Problem -
Return all of the data exactly as given.
=== Begin Enclosure ===
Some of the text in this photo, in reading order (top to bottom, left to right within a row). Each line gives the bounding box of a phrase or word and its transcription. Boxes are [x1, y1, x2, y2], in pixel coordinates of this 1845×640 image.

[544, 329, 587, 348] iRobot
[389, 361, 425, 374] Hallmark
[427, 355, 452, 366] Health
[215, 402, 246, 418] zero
=== End Enclosure ===
Exercise solution -
Some of the text in this photo, in reading order (top to bottom, left to right within a row). Each line gives the bounding box of a phrase or word and its transcription. Boxes are [x1, y1, x2, y2], in pixel coordinates of this 1845×640 image.

[544, 329, 587, 348] iRobot
[389, 361, 425, 374] Hallmark
[427, 355, 452, 366] Health
[215, 402, 246, 418] zero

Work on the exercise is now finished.